The Work Ahead in Intelligent Automation: Coping with Complexity in a Post-Pa...Cognizant
Intelligent automation continues to be a top driver of the future of work, according to our recent study. To reap the full advantages, businesses need to move from isolated to widespread deployment.
The Evolution of Non-Banking Financial Companies (NBFCs) in India: Challenges...beulahfernandes8
Role in Financial System
NBFCs are critical in bridging the financial inclusion gap.
They provide specialized financial services that cater to segments often neglected by traditional banks.
Economic Impact
NBFCs contribute significantly to India's GDP.
They support sectors like micro, small, and medium enterprises (MSMEs), housing finance, and personal loans.
how can I sell pi coins after successfully completing KYCDOT TECH
Pi coins is not launched yet in any exchange 💱 this means it's not swappable, the current pi displaying on coin market cap is the iou version of pi. And you can learn all about that on my previous post.
RIGHT NOW THE ONLY WAY you can sell pi coins is through verified pi merchants. A pi merchant is someone who buys pi coins and resell them to exchanges and crypto whales. Looking forward to hold massive quantities of pi coins before the mainnet launch.
This is because pi network is not doing any pre-sale or ico offerings, the only way to get my coins is from buying from miners. So a merchant facilitates the transactions between the miners and these exchanges holding pi.
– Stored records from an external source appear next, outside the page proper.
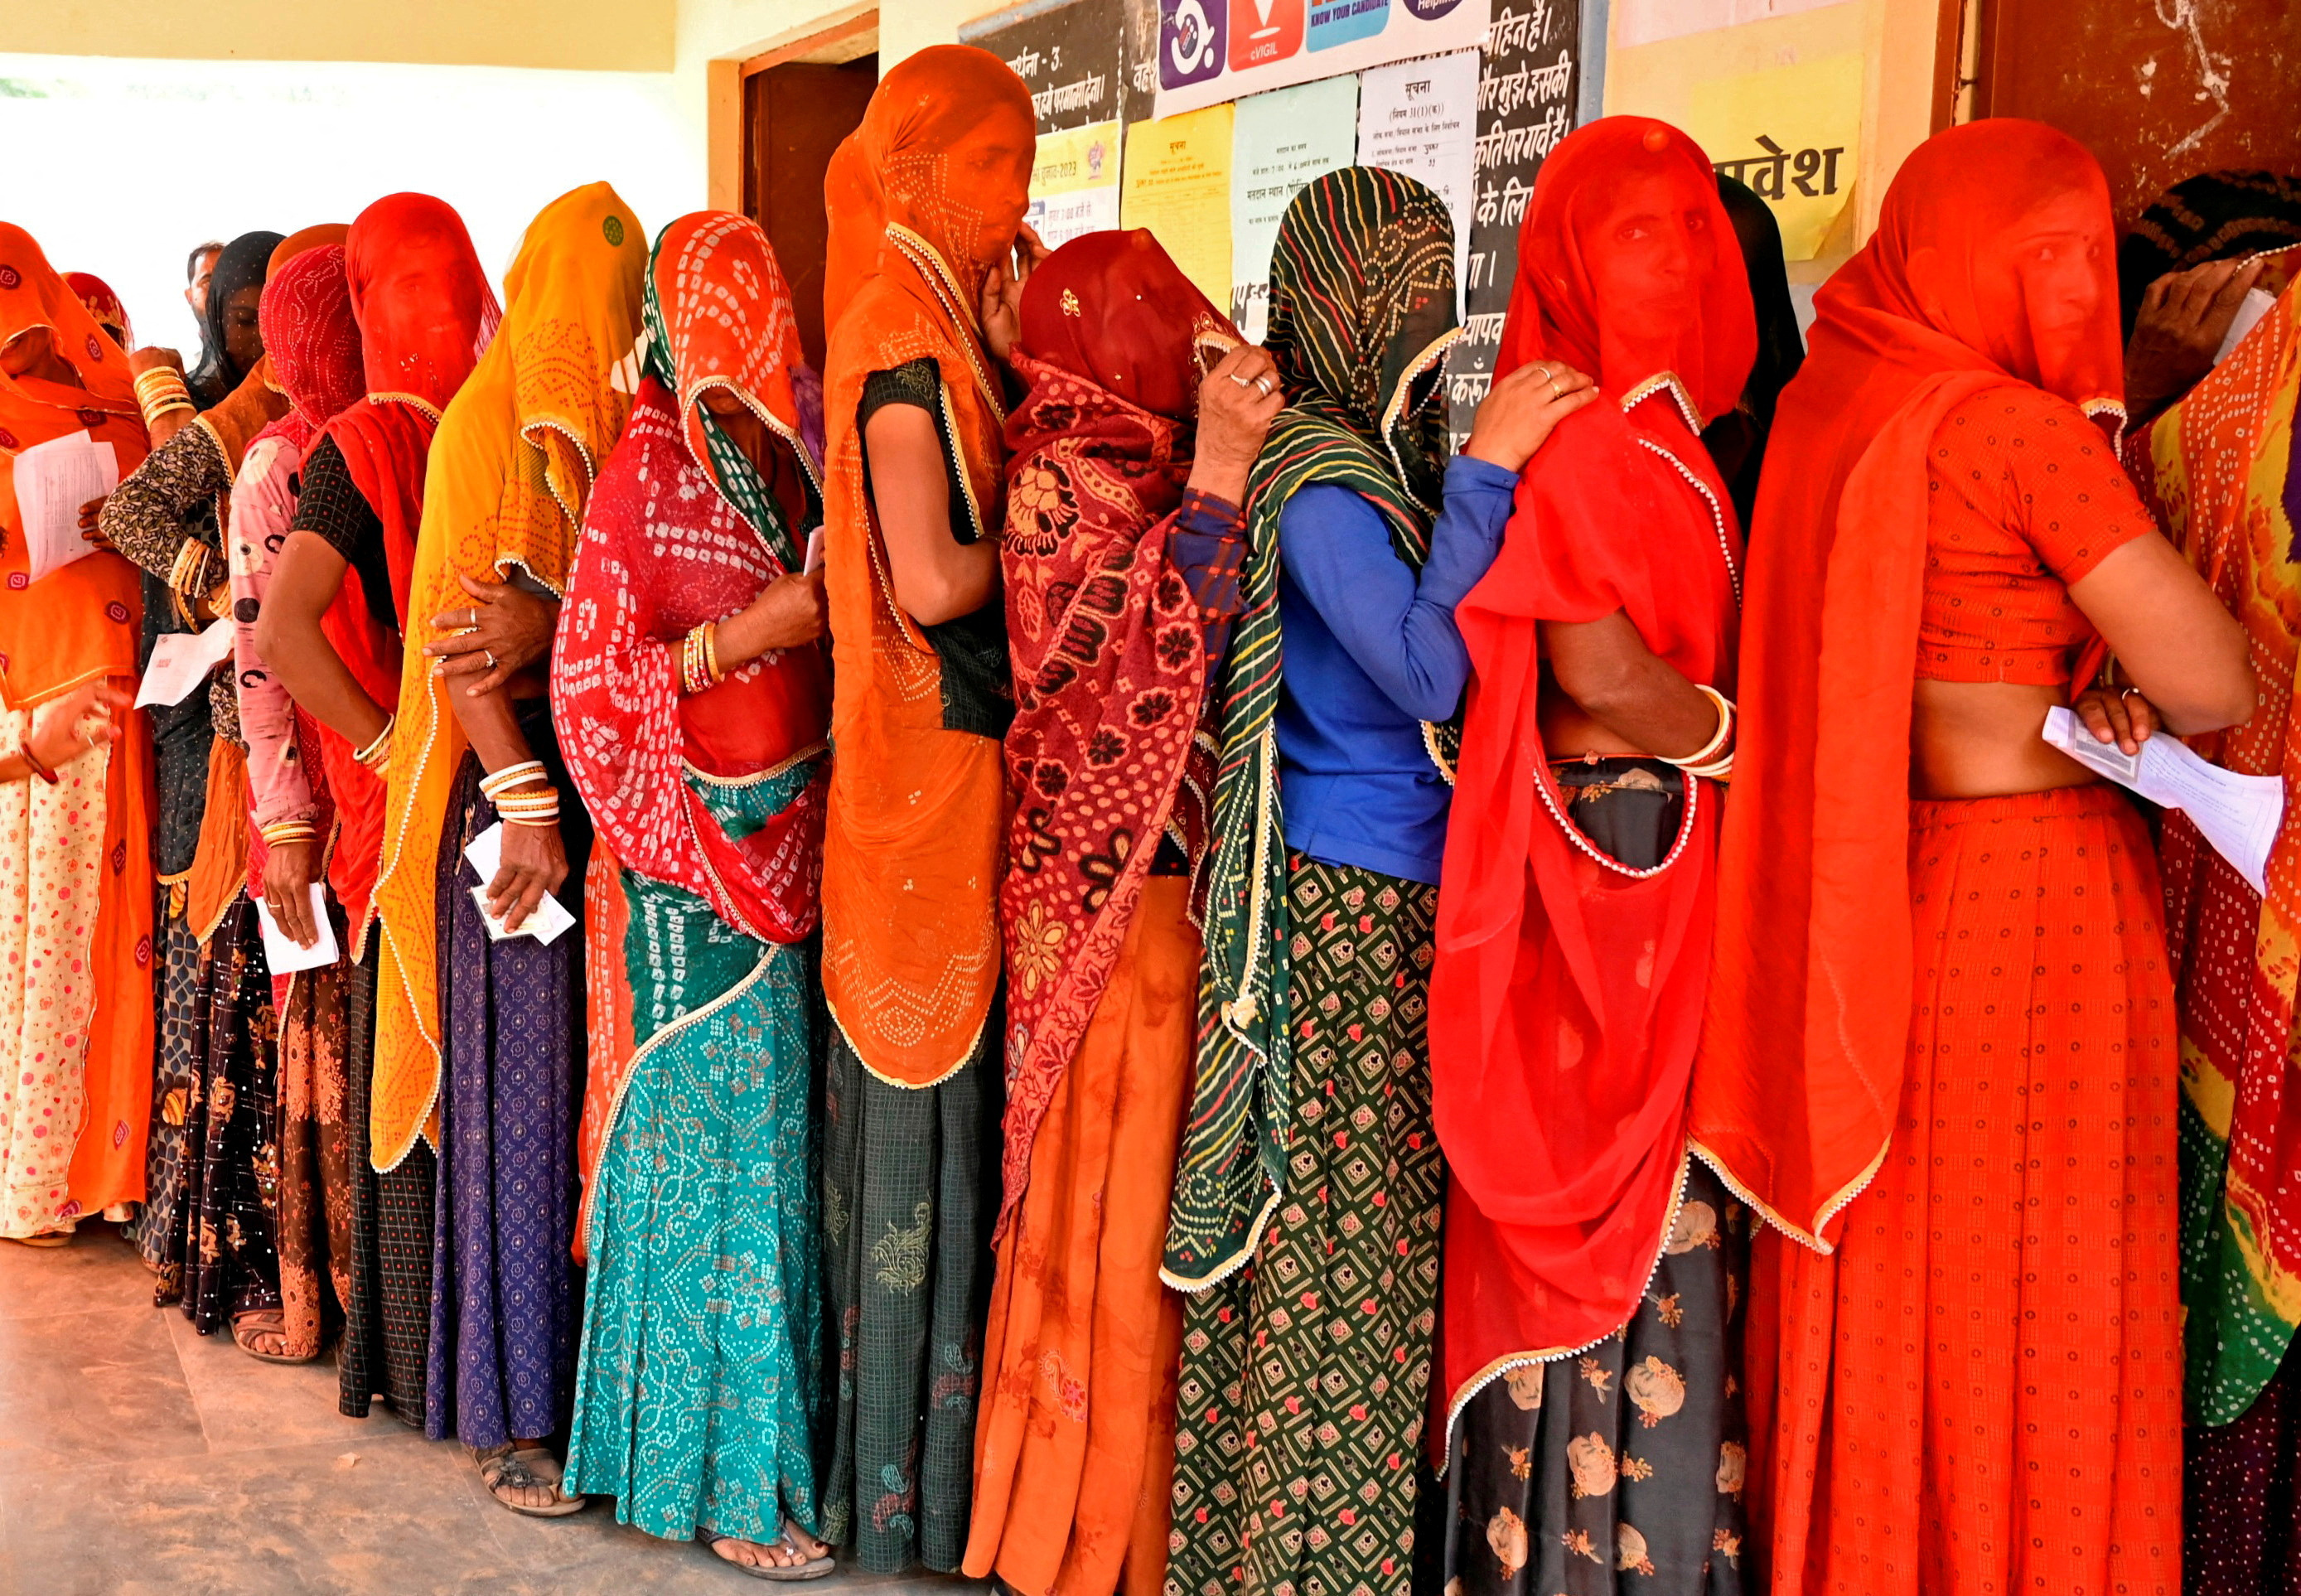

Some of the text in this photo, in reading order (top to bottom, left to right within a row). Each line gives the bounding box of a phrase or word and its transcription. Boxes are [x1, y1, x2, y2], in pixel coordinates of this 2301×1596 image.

[1311, 10, 1331, 27] KNOW
[1332, 5, 1351, 21] YOUR
[1351, 0, 1388, 16] CANDIDATE
[1418, 0, 1456, 11] Helplin
[1006, 46, 1040, 79] ार्थना
[1250, 43, 1278, 60] cVIGIL
[1405, 80, 1431, 100] सूचना
[1498, 60, 1529, 116] मुझे
[1527, 49, 1572, 109] इसकी
[1504, 128, 1525, 165] पर
[1523, 106, 1551, 161] गर्व
[1477, 180, 1499, 228] के
[1500, 177, 1534, 227] लि
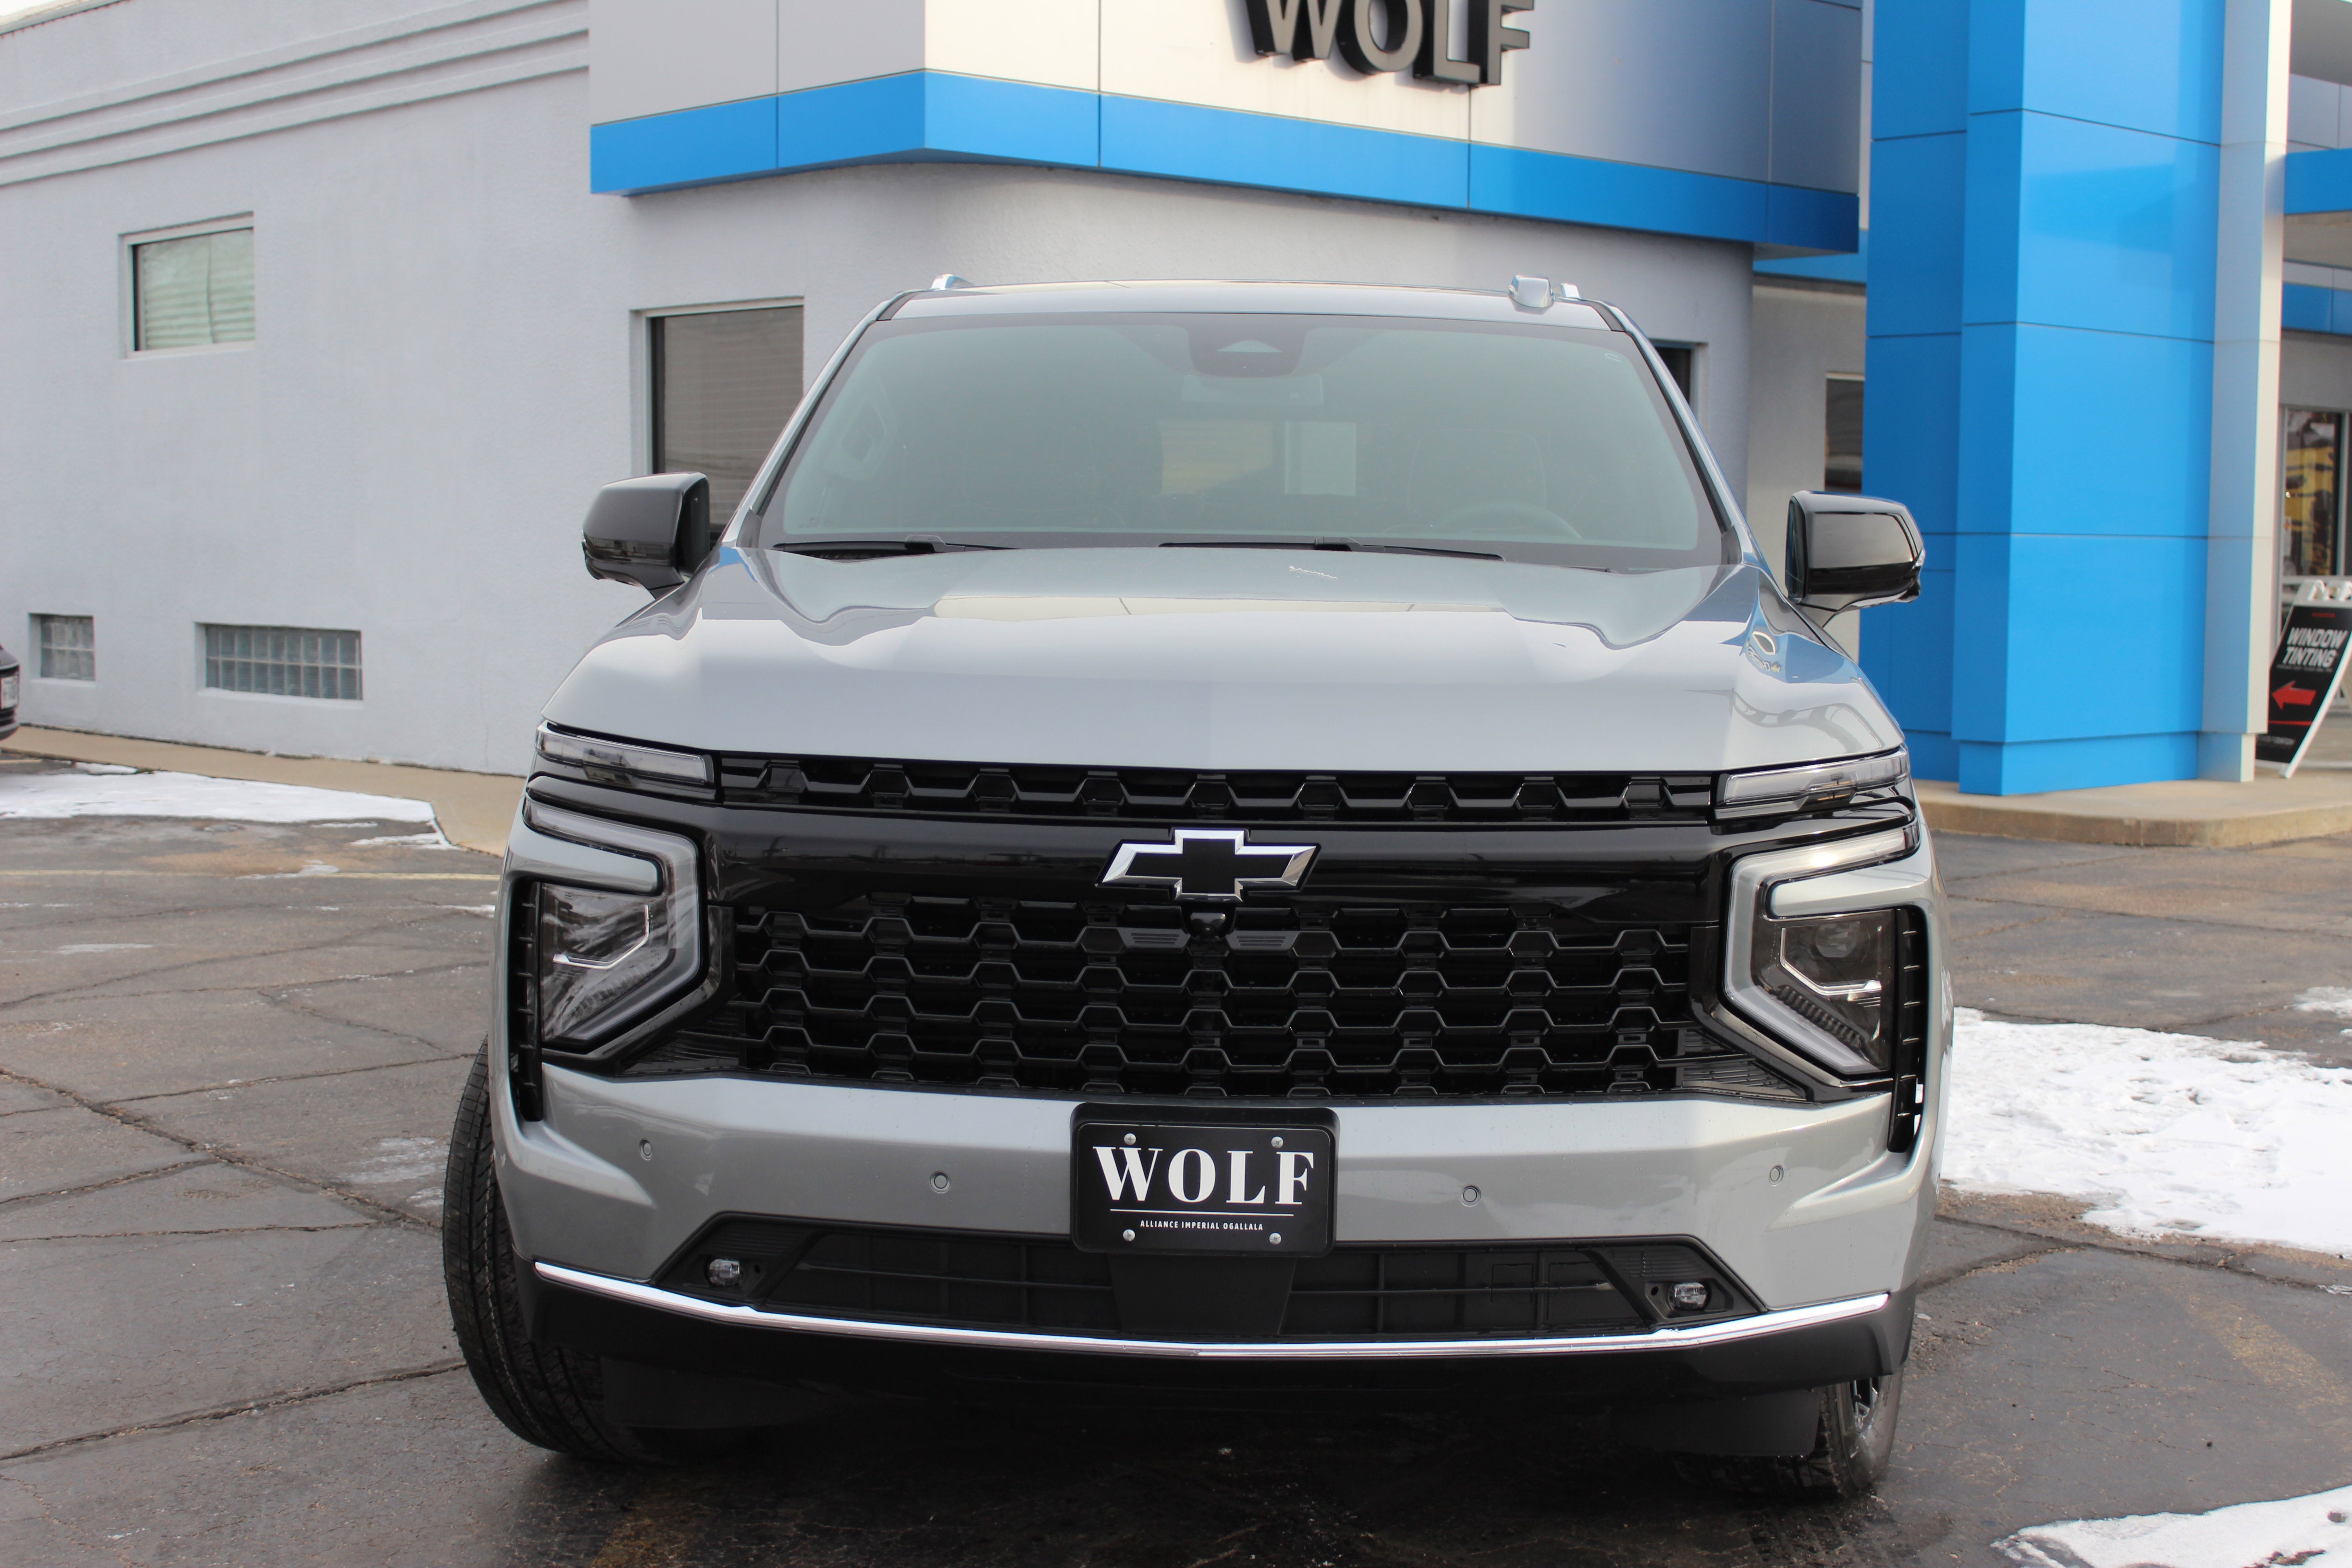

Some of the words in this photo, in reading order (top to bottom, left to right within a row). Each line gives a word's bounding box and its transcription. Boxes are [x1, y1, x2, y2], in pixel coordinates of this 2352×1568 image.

[1245, 0, 1534, 86] WOLF
[2287, 627, 2348, 649] WINDOW
[2282, 646, 2337, 668] TINTING
[1093, 1146, 1314, 1205] WOLF
[1140, 1220, 1179, 1229] ALLIANCE
[1181, 1221, 1220, 1230] IMPERIAL
[1223, 1222, 1264, 1231] OGALLALA
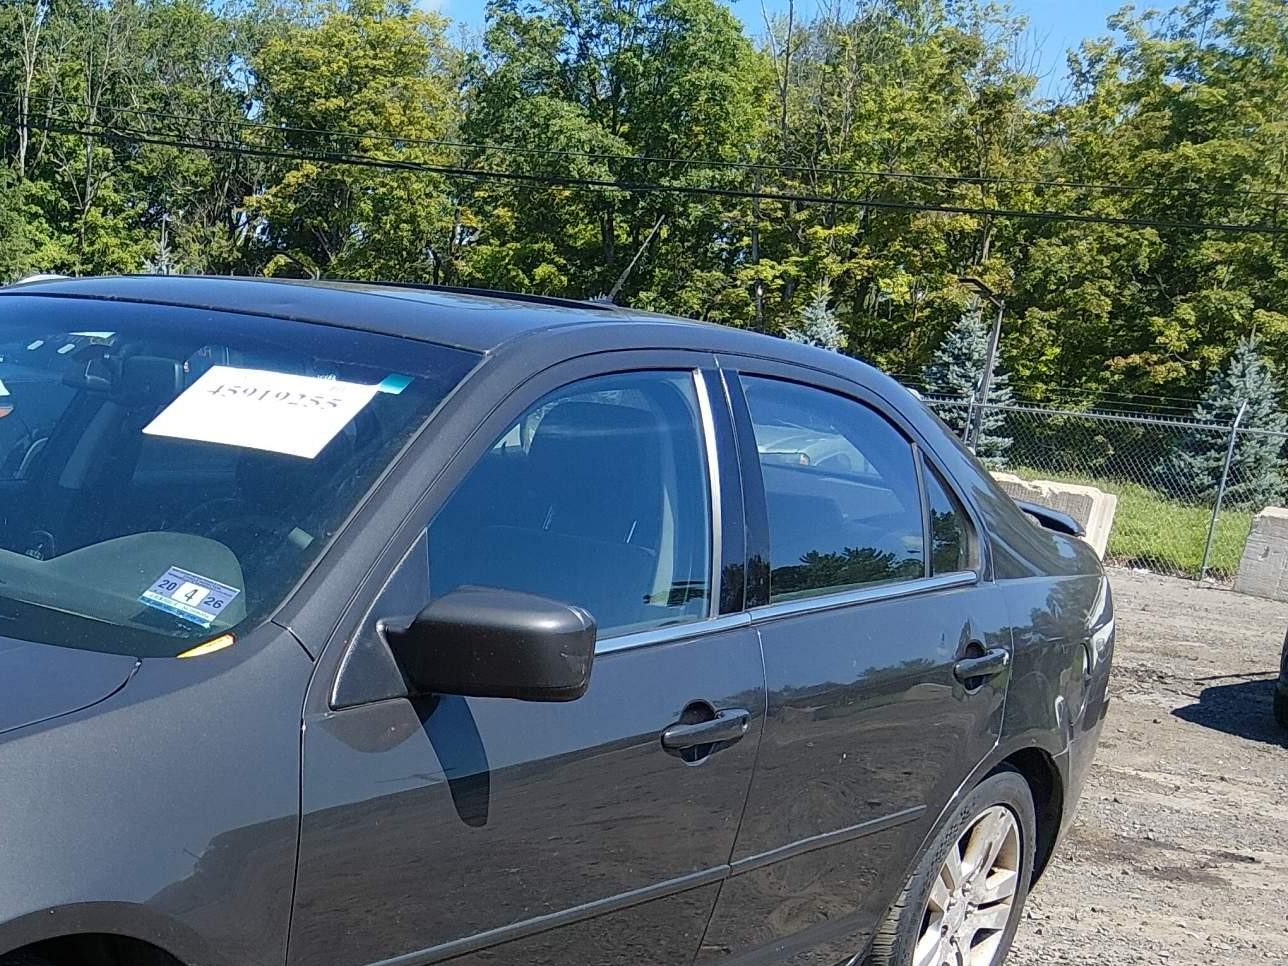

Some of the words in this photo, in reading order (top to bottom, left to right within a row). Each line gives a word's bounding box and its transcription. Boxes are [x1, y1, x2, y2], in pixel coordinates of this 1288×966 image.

[157, 579, 178, 592] 20
[184, 588, 199, 602] 4
[203, 596, 224, 609] 26
I and my friends has sold more than 6000 pi coins successfully with this method. I will be happy to share the contact of my personal pi merchant. The one i trade with, if you have your own merchant you can trade with them. For those who are new.
Message: @Pi_vendor_247 on telegram.
I wouldn't advise you selling all percentage of the pi coins. Leave at least a before so its a win win during open mainnet. Have a nice day pioneers ♥️
#kyc #mainnet #picoins #pi #sellpi #piwallet
#pinetwork
how to sell pi coins on Bitmart crypto exchangeDOT TECH
Yes. Pi network coins can be exchanged but not on bitmart exchange. Because pi network is still in the enclosed mainnet. The only way pioneers are able to trade pi coins is by reselling the pi coins to pi verified merchants.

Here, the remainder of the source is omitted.